On 24 October 2012, the Italian Constitutional Court declared invalid the provision of Legislative Decree n. 28 dated 4 March 2010 which had implemented the “Compulsory Mediation” procedure for the resolution of certain disputes (article 5.1 of the “Decree”).

Background

The Decree - which implemented in Italy the European Mediation Directive (2008/52/EC) published on 21 May 2008 as part of the European initiative to promote and regulate the development of mediation throughout the EU (“the establishment of basic principles in this area is an essential step towards enabling the appropriate development and operation of extrajudicial procedures for the settlement of disputes in civil and commercial matters so as to simplify and improve access to justice”) – was aimed at reducing the overload on the Italian legal system (which, according to a recent World Bank Report, ranks 157th for enforcing contracts) by the introduction of a two-fold Mediation procedure:

  • a Non-Compulsory procedure which applies to any civil and commercial litigation (article 2.1, introduced on 20 March 2010);
  • a Compulsory procedure which applies to any possible litigation in relation to insurance, banking and financial agreements, joint ownership, property rights, division of assets, hereditary and family law, leases in general, gratuitous loans, leases of going concerns, medical liability or defamation/libel (article 5.1, effective since 20 March 2011 and, only for motor/vehicles insurances and property disputes, since March 2012). More precisely:   
  1. disputes subject to the Compulsory Mediation procedure can have access to judicial Courts only if the Mediation has failed;
  2. should a party not attend the Compulsory Mediation hearing, it can be sanctioned by the Court (administrative sanction).
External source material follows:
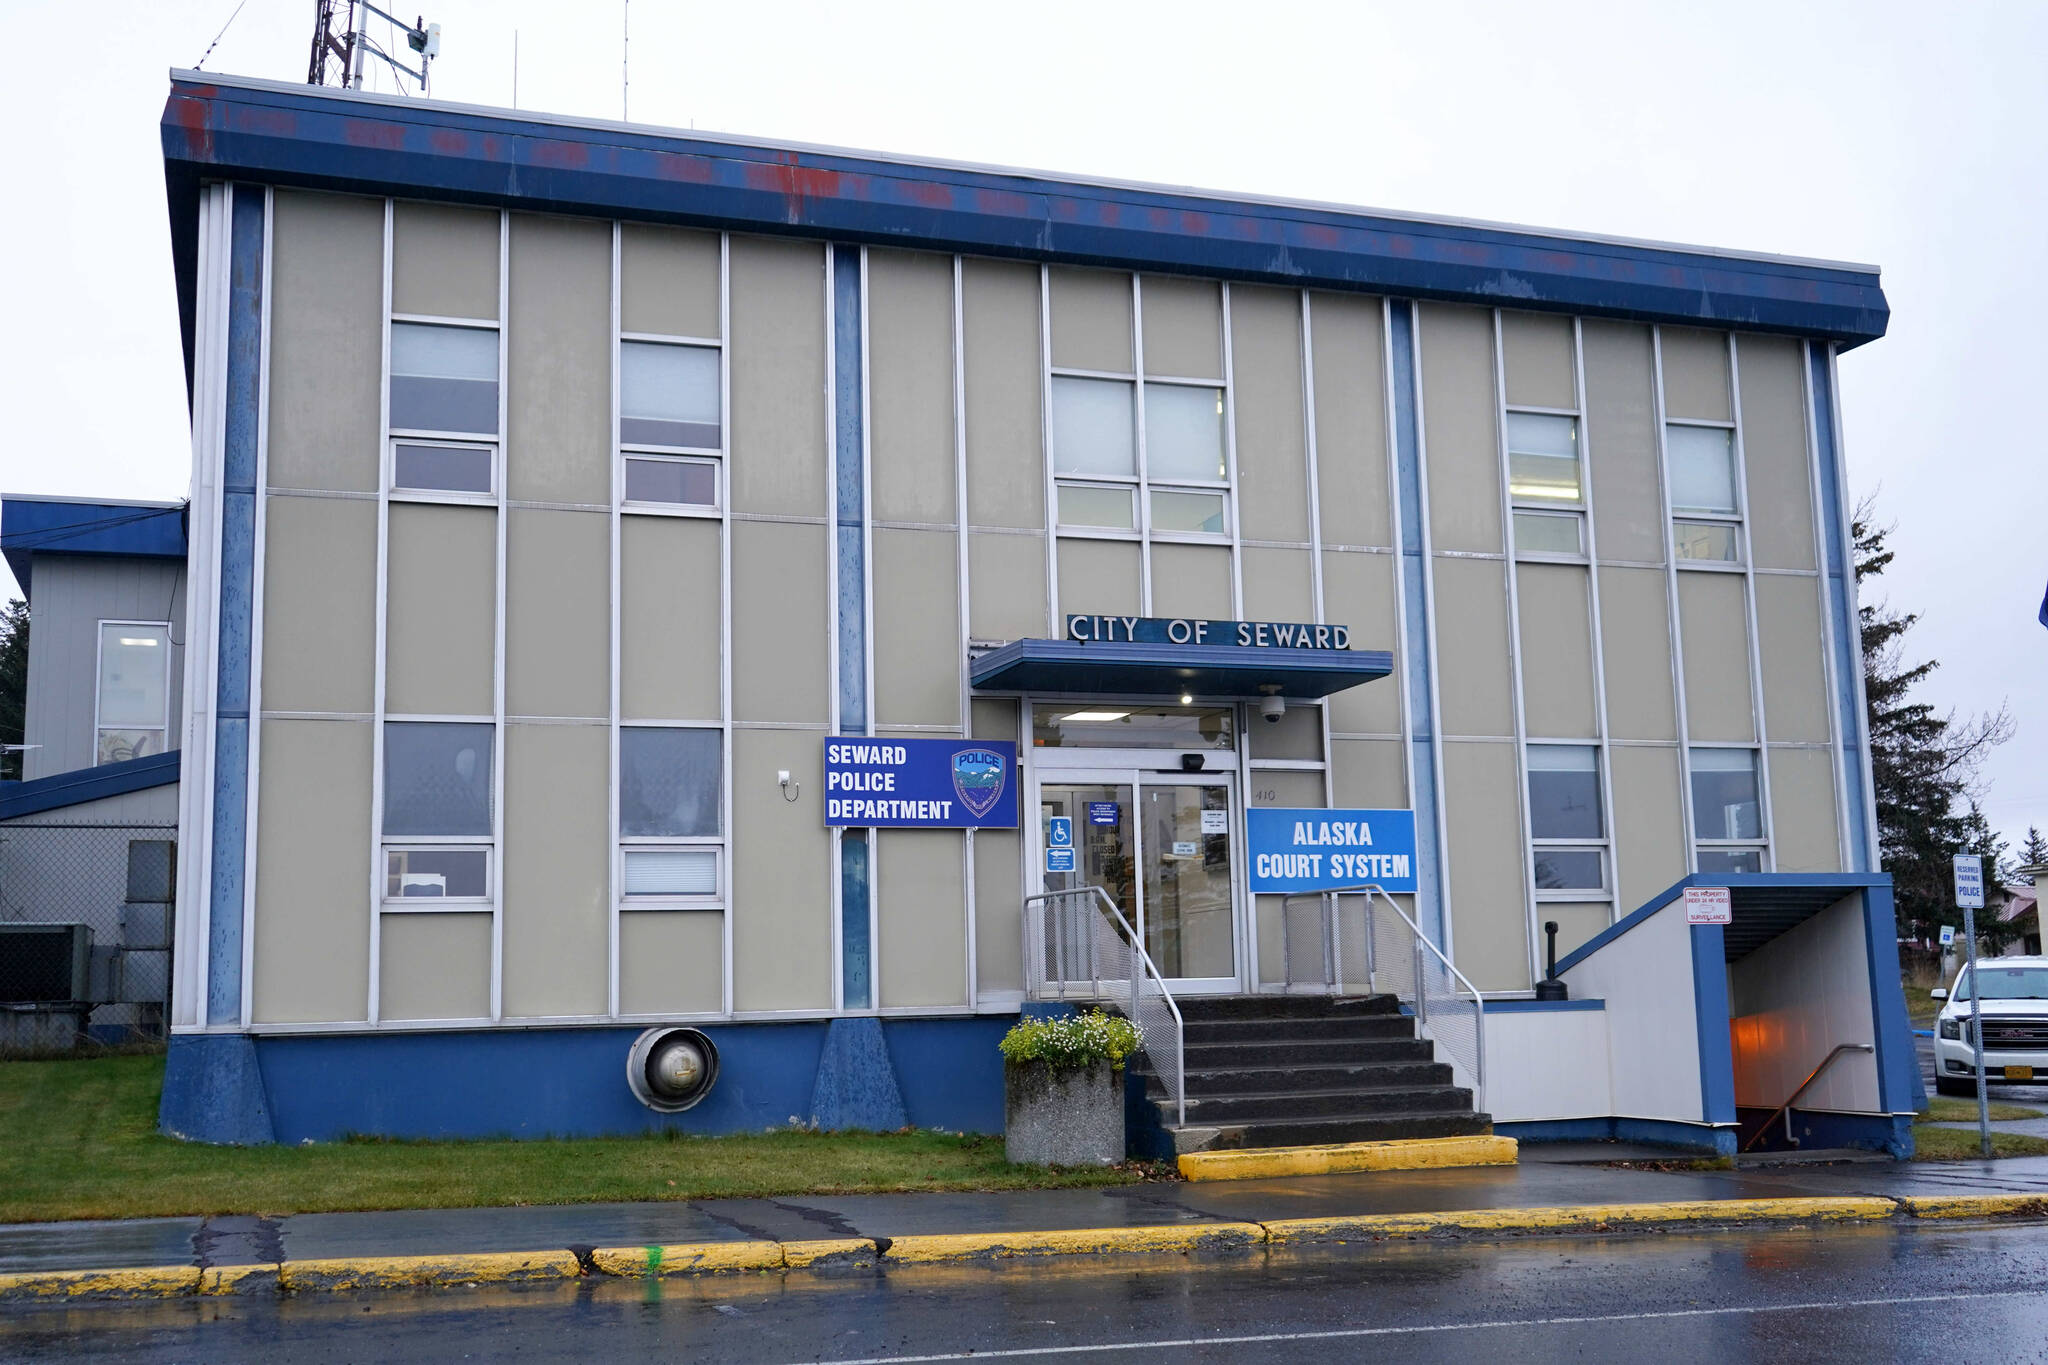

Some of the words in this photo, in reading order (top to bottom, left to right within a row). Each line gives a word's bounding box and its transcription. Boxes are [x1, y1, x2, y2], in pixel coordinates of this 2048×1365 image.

Also, in respect of both the Non-Compulsory and Compulsory Mediation procedures:

  1. the Court can take into account a party's unjustified absence from the mediation hearing;
  2. should the Court’s judicial decision correspond to the Mediator’s proposal, the party who refused that proposal, although successful in the judicial claim, shall be ordered to pay the counterparties’ legal costs.

The Constitutional Court’s decision

The Constitutional Court’s reasoned judgment is awaiting publication, but it is nevertheless clear that the Court’s ruling that the Compulsory Mediation procedure is invalid is based on its finding that the Italian Government lacked the legislative power to introduce article 5.1 of the Decree, i.e. that it was going beyond the relevant provisions of the Delegation Law n. 69/2009 - which did not explicitly refer to the Compulsory Mediation procedure.
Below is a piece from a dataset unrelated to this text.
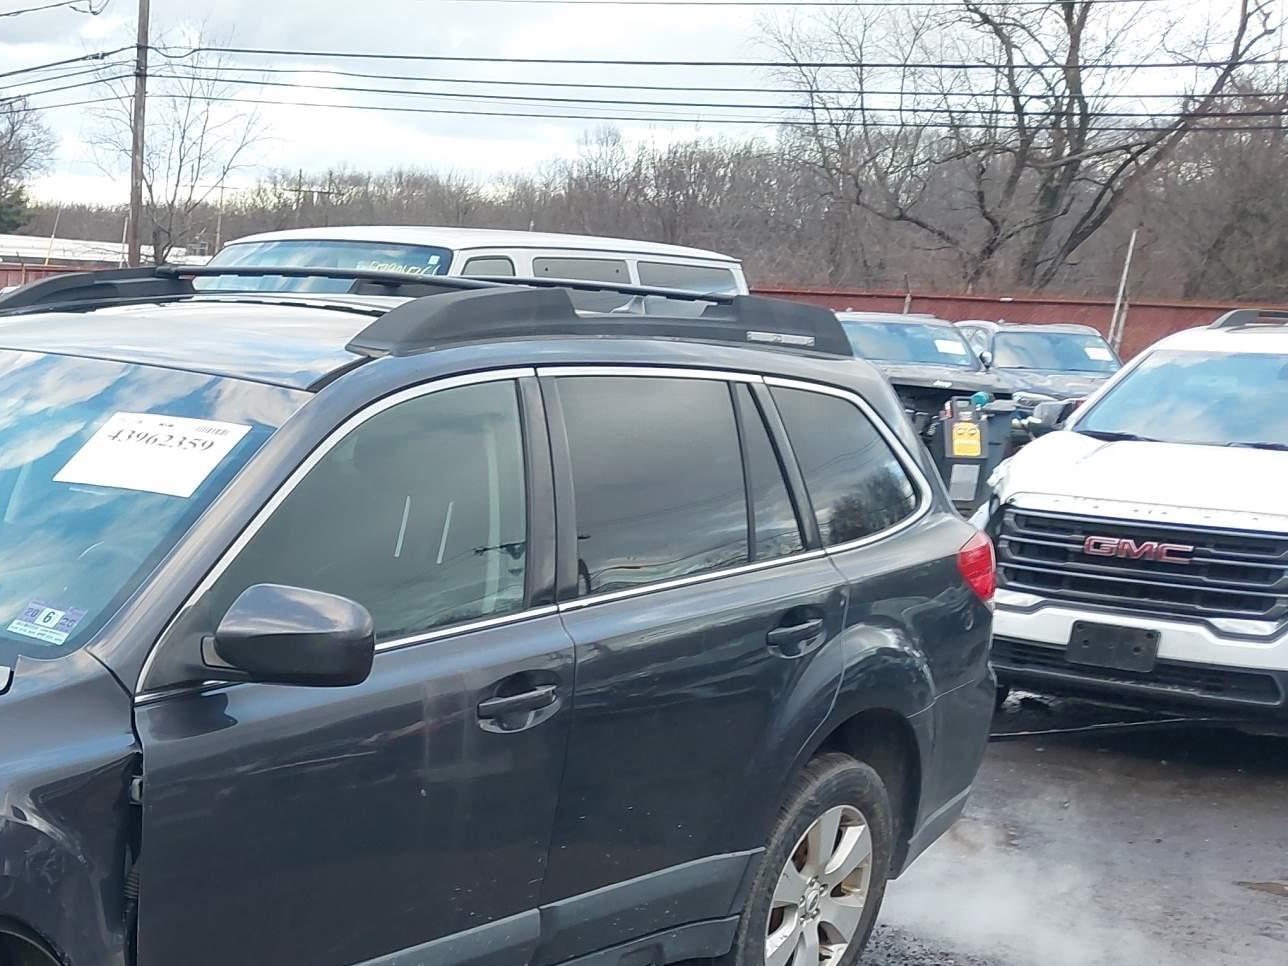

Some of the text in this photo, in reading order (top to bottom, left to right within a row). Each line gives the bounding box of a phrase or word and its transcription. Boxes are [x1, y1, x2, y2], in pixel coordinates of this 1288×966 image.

[107, 429, 215, 451] 43962359
[1083, 535, 1194, 564] GMC
[42, 611, 56, 623] 6
According to some of the entities that have challenged the Compulsory Mediation provision and procedure, the compulsory nature of the mediation would have resulted in an invalid and unjust limitation to the parties’ rights and freedom to access the courts for the resolution of any kind of litigation (including those covered by the Compulsory Mediation procedure).

A clear and more accurate analysis of the Constitutional Court’s decision (which has not yet been published), and its effects, will only be possible once the full judgment becomes available.

Comment – focus on insurance litigation

The Compulsory Mediation provision and procedure, notwithstanding that it has been ruled invalid, will formally remain applicable until the Constitutional Court’s decision is published in the Official Gazette.

Once the decision has been published, parties to a dispute of any kind, including insurance disputes, will no longer be subject to the preliminary mediation procedure and will be able to issue proceedings before the Courts without first participating in a mediation process, regardless of the nature of their dispute.

Although the decision has removed the Compulsory Mediation procedure, parties to a dispute of any nature who want to avoid overloading the legal system are still entitled (voluntarily) to apply for a mediation procedure to apply.  An unjustified failure to attend a mediation can be taken into account by the Court in any proceedings that follow to infer the non-attending party’s fault (although no administrative sanctions can be applied against the party).

Insurance litigation triggered after the publication in the Official Gazette of the Constitutional Court’s decision will not, therefore, be completely free from the burdens imposed by the Non-Compulsory Mediation rules, should the insured call for an attempt at mediation to be made.

In that case, the Insurer should evaluate the insured’s claim and requests before the mediation hearing, in order to decide whether to attend it or not (and, if not, also to provide the competent mediation body with a justified reason for the refusal to attend).

Conclusions

Some believe that as a result of this decision an important chance has been lost for the Italian legal system to be improved. Others argue that, thanks to the decision, unfettered access to the Courts has been guaranteed.

Following the announcement of the Constitutional Court’s decision, the Italian Ministry of Justice confirmed that, for the Government, mediation will continue to be part of the Italian legal system and therefore that discussions on possible incentives to be introduced will be ongoing.